- Opening Delimiter -
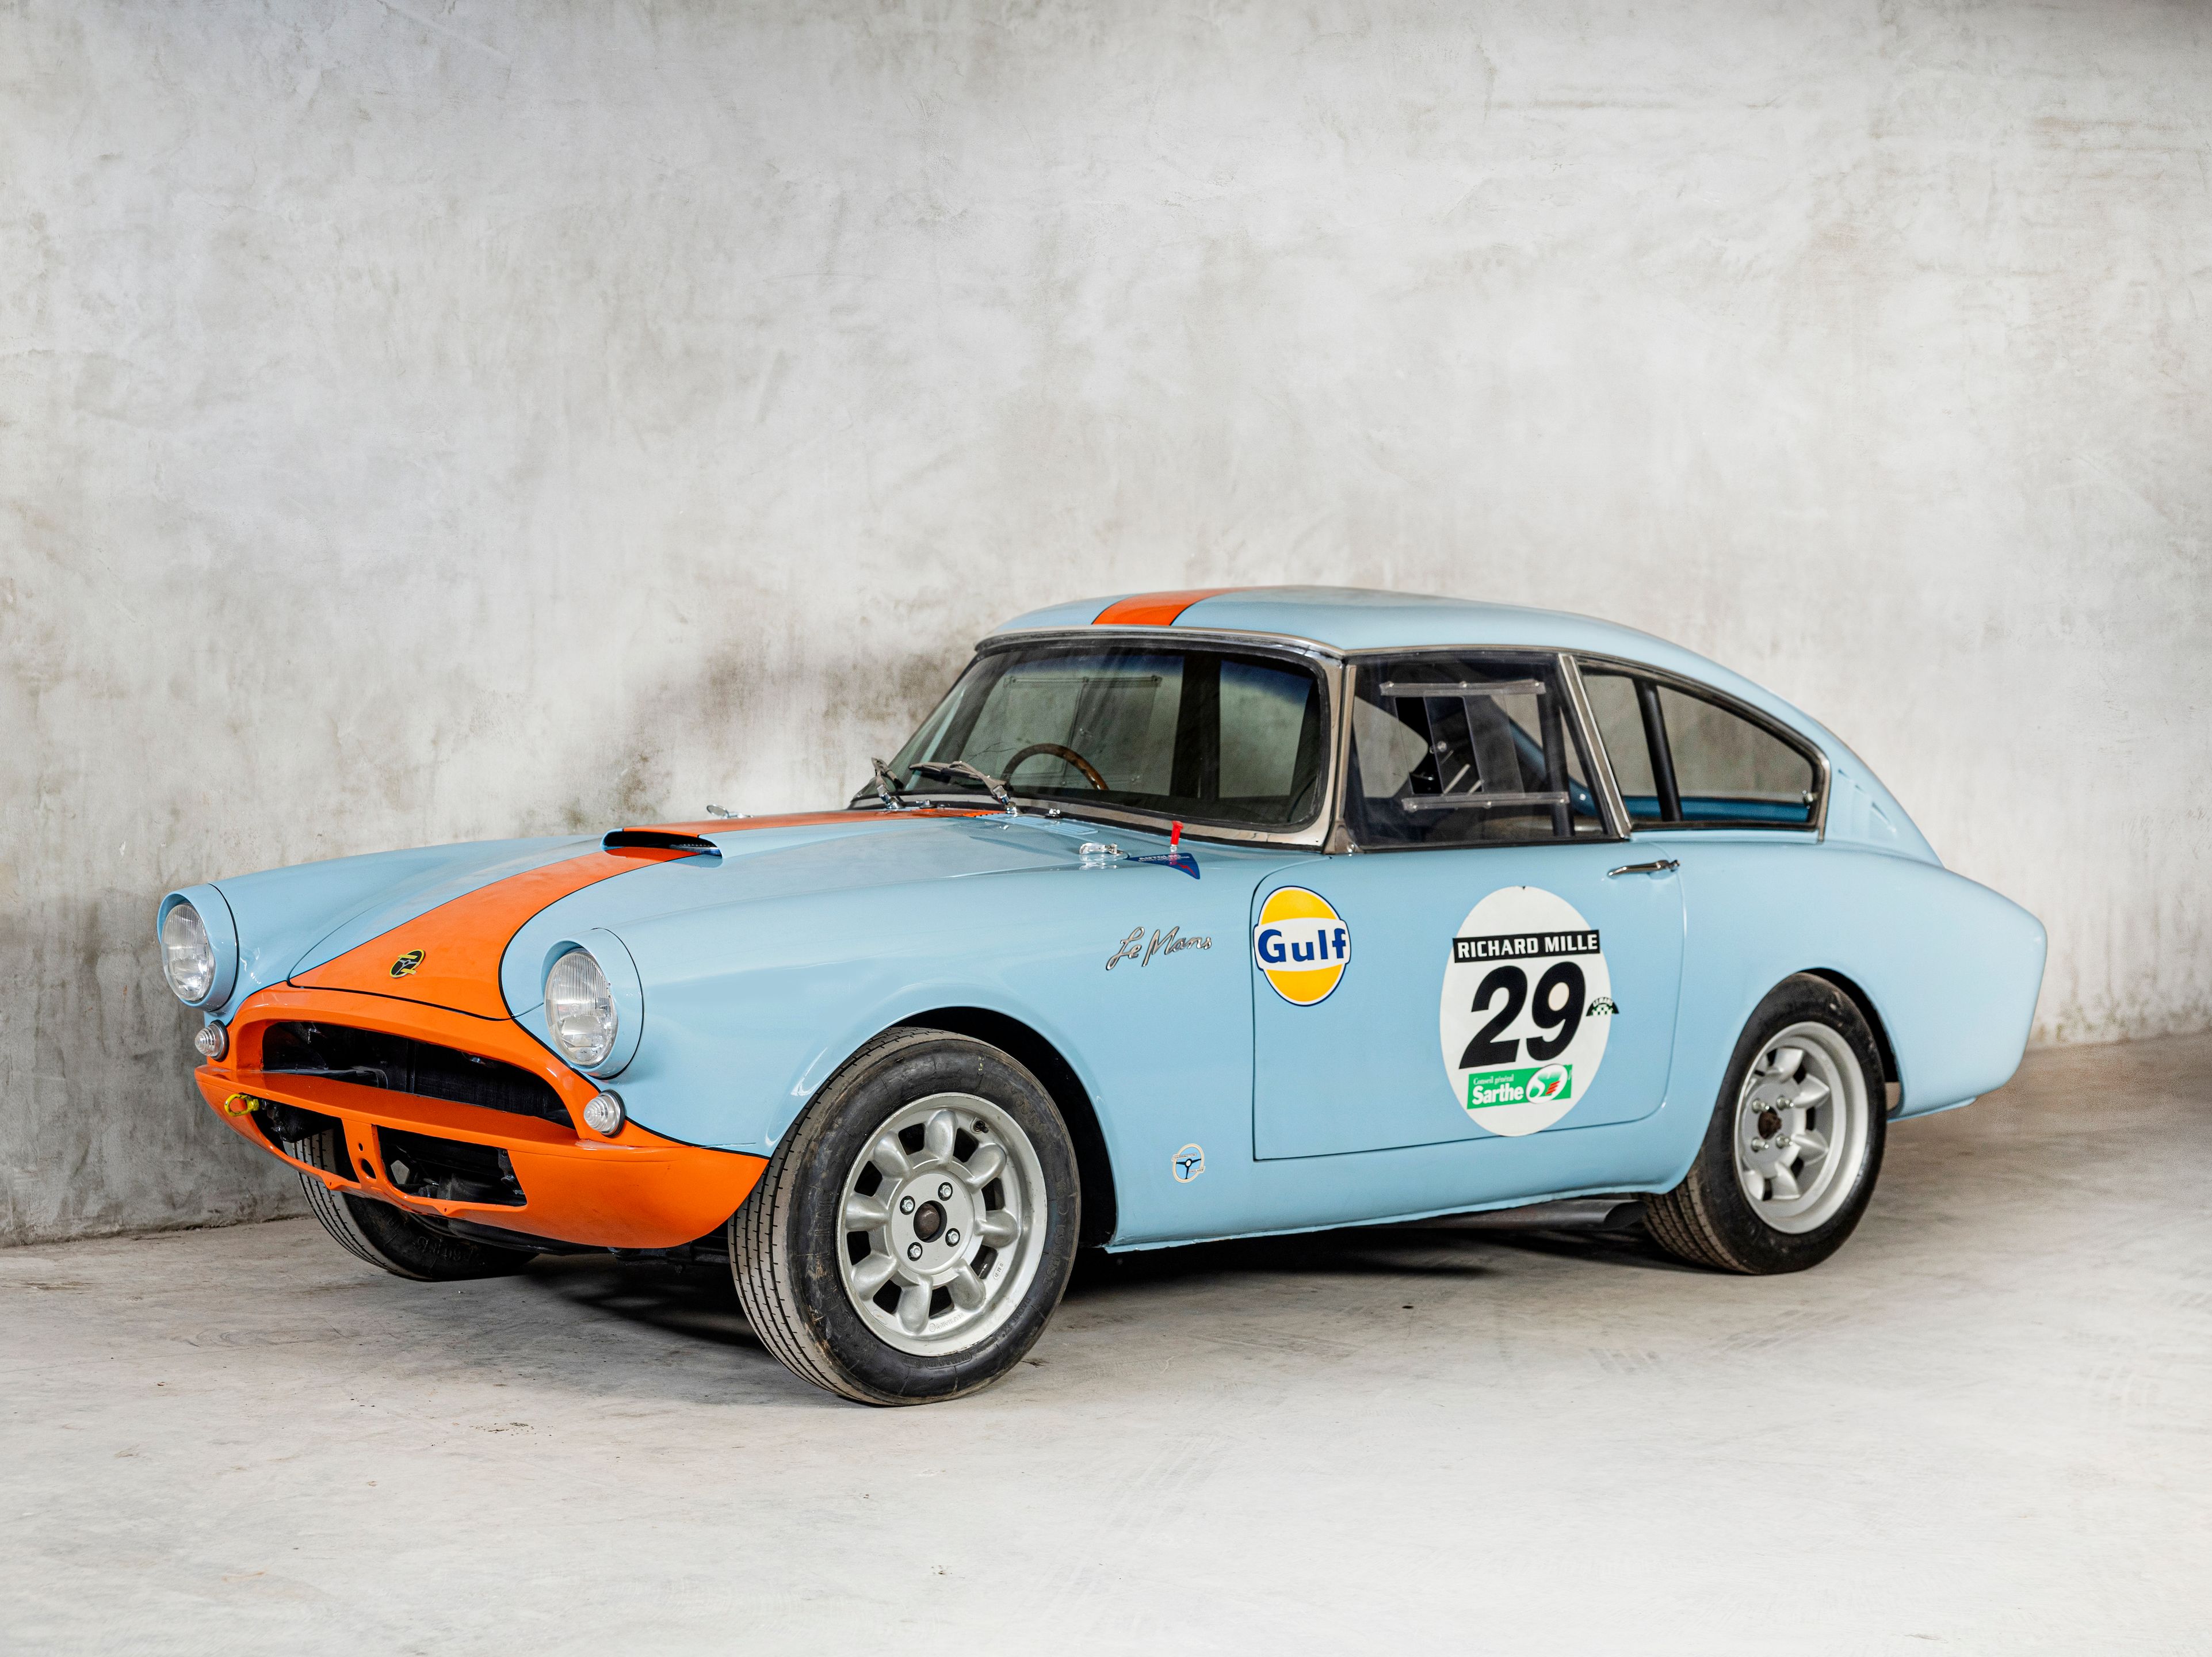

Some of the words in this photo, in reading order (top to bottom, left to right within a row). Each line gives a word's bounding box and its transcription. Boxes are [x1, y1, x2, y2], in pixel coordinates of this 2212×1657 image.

[1106, 926, 1145, 971] Le
[1141, 926, 1212, 967] Mans
[1258, 928, 1346, 964] Gulf
[1458, 937, 1539, 959] RICHARD
[1545, 934, 1598, 953] MILLE
[1458, 961, 1586, 1070] 29
[1472, 1083, 1524, 1105] Sarthe
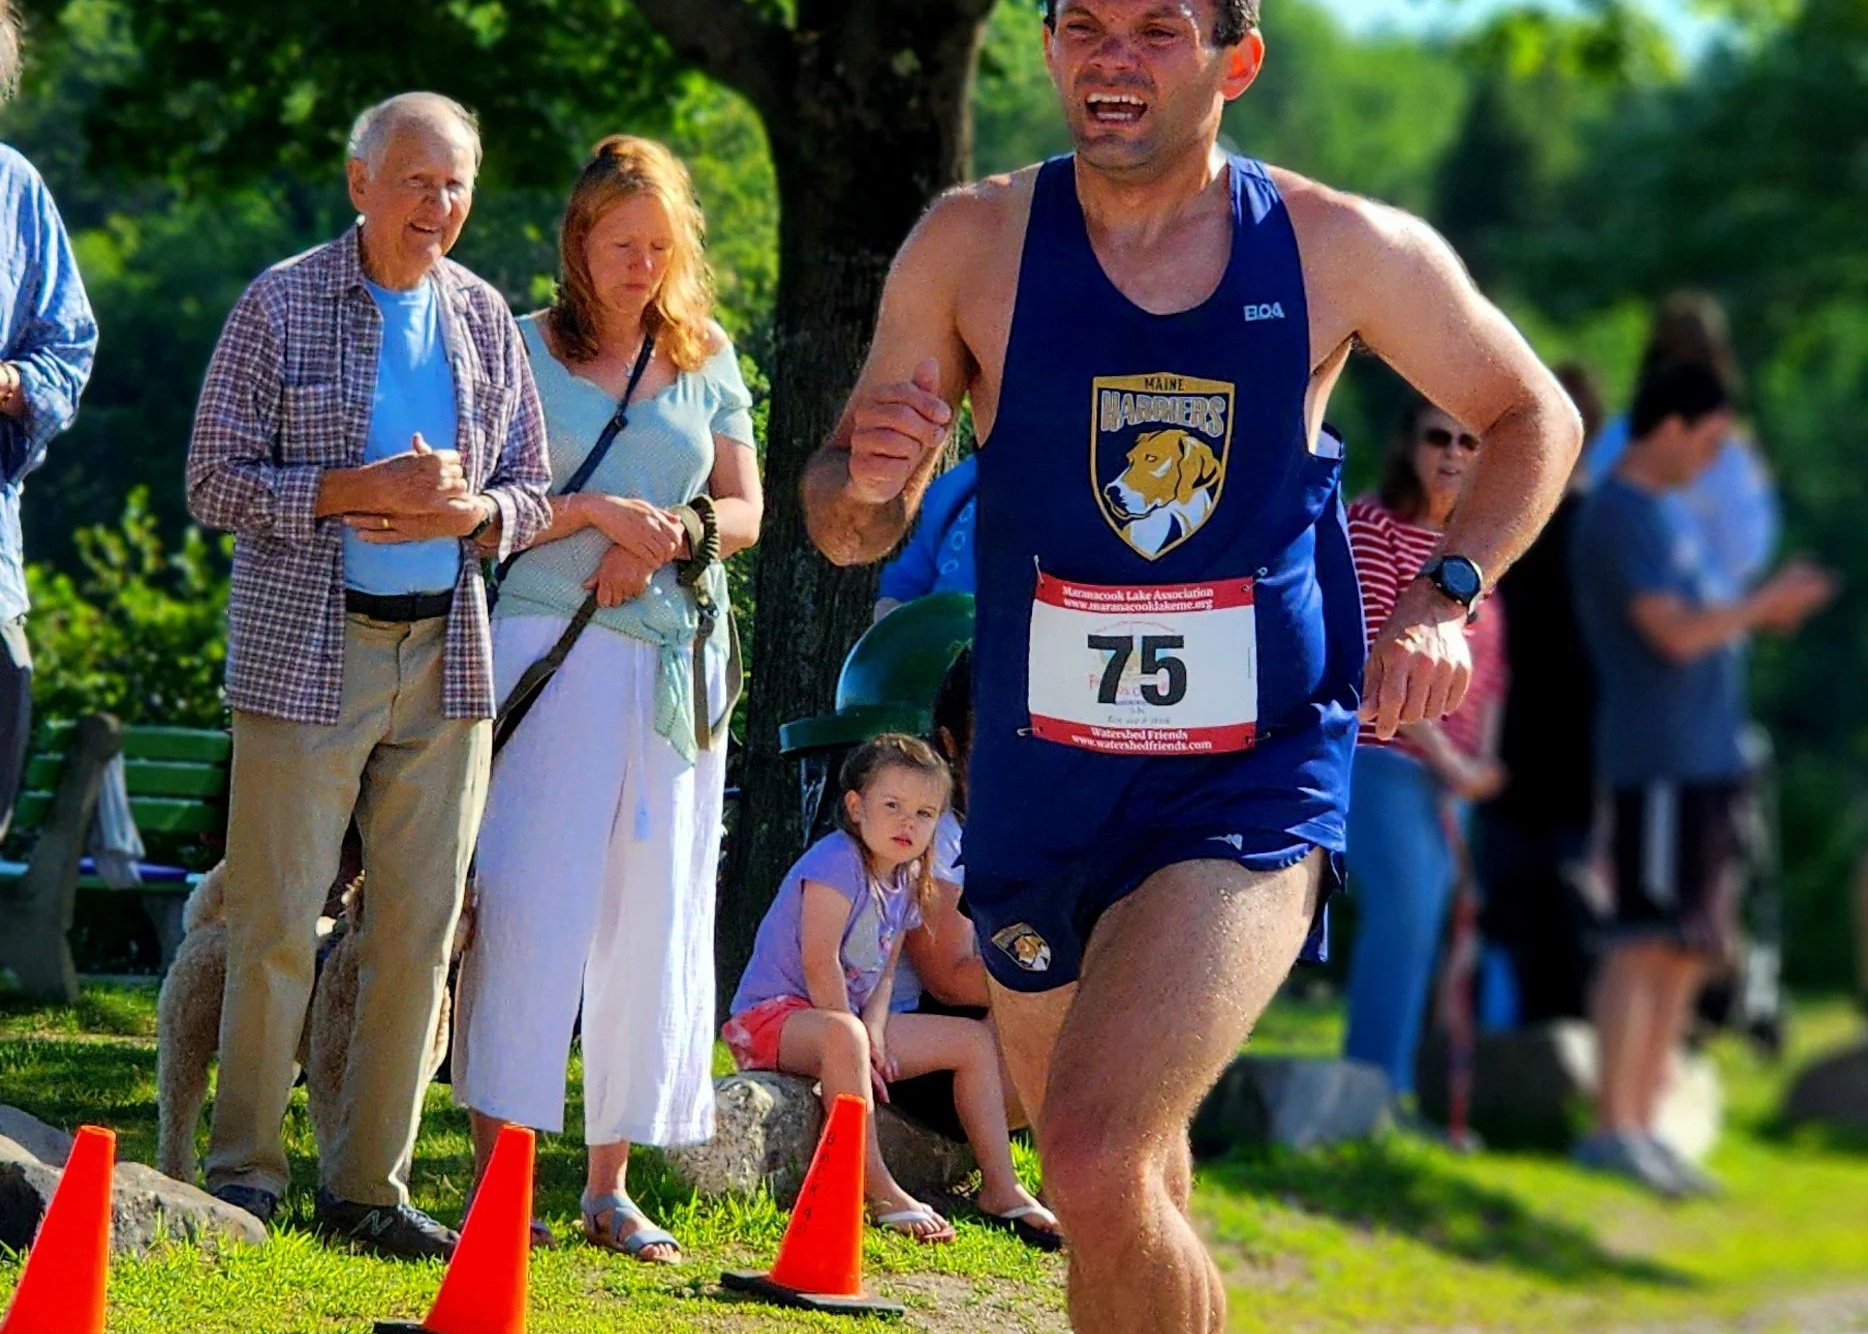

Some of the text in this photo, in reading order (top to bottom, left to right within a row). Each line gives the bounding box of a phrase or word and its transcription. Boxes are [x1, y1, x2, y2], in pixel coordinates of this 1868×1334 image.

[1144, 377, 1185, 391] MAINE
[1100, 390, 1226, 438] HARRIERS
[1062, 585, 1214, 601] Maranacook Lake Association
[1064, 598, 1213, 612] www.maranacooklakeme.org
[1088, 634, 1187, 706] 75
[1091, 727, 1188, 741] Watershed Friends
[1072, 735, 1212, 751] www.watershedfriends.com
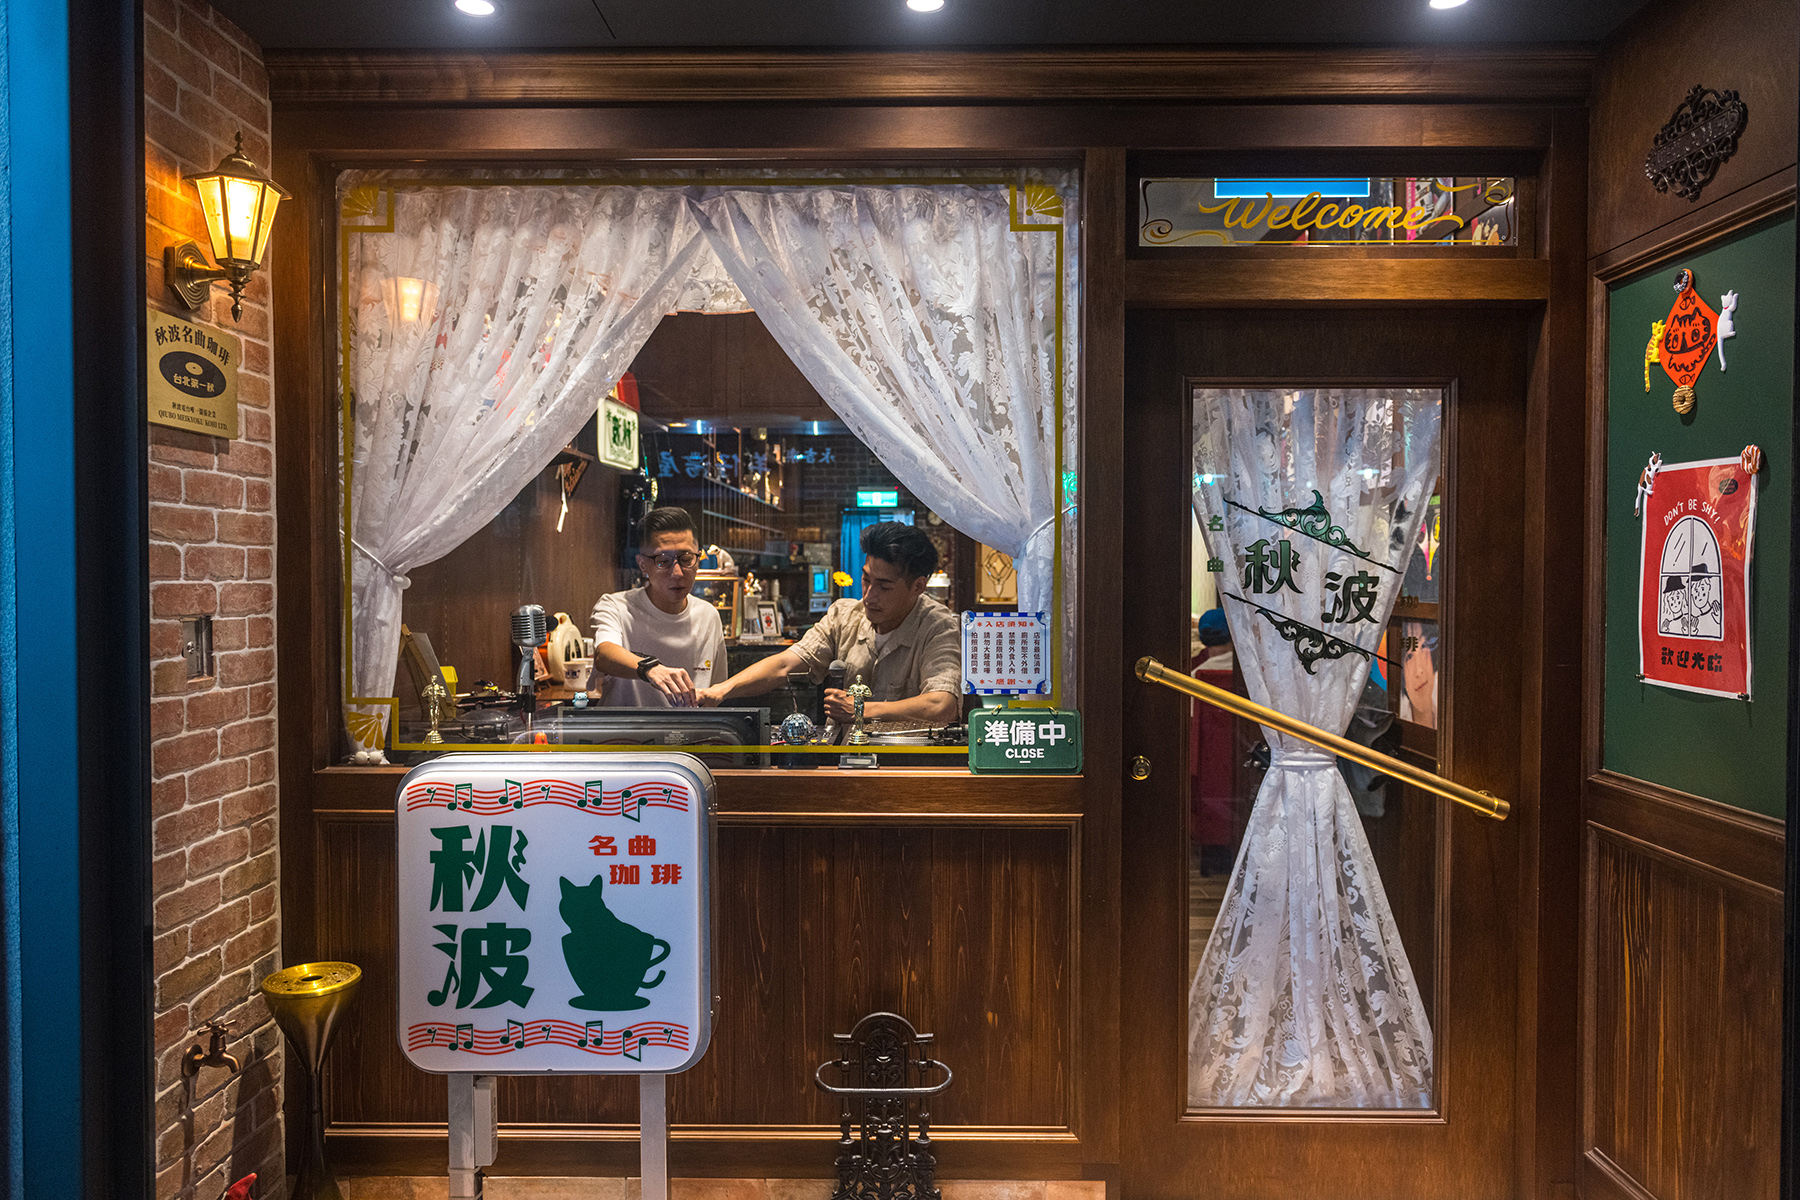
- Closing Delimiter -
* **PROBLEM REQUIREMENTS**:
All entries must come back exactly as written, though without their pictures.

* **TASK SOLUTION**:
Some of the words in this photo, in reading order (top to bottom, left to right within a row). Each line gives a word's bounding box and its transcription. Boxes are [x1, y1, x2, y2], in pixel coordinates of this 2212×1657 image.

[1106, 926, 1145, 971] Le
[1141, 926, 1212, 967] Mans
[1258, 928, 1346, 964] Gulf
[1458, 937, 1539, 959] RICHARD
[1545, 934, 1598, 953] MILLE
[1458, 961, 1586, 1070] 29
[1472, 1083, 1524, 1105] Sarthe

Some of the text in this photo, in reading order (top to bottom, left to right within a row). Each line gives the bounding box of a phrase or word and its transcription. Boxes are [x1, y1, x2, y2], in pixel coordinates of this 1868×1334 image.

[1144, 377, 1185, 391] MAINE
[1100, 390, 1226, 438] HARRIERS
[1062, 585, 1214, 601] Maranacook Lake Association
[1064, 598, 1213, 612] www.maranacooklakeme.org
[1088, 634, 1187, 706] 75
[1091, 727, 1188, 741] Watershed Friends
[1072, 735, 1212, 751] www.watershedfriends.com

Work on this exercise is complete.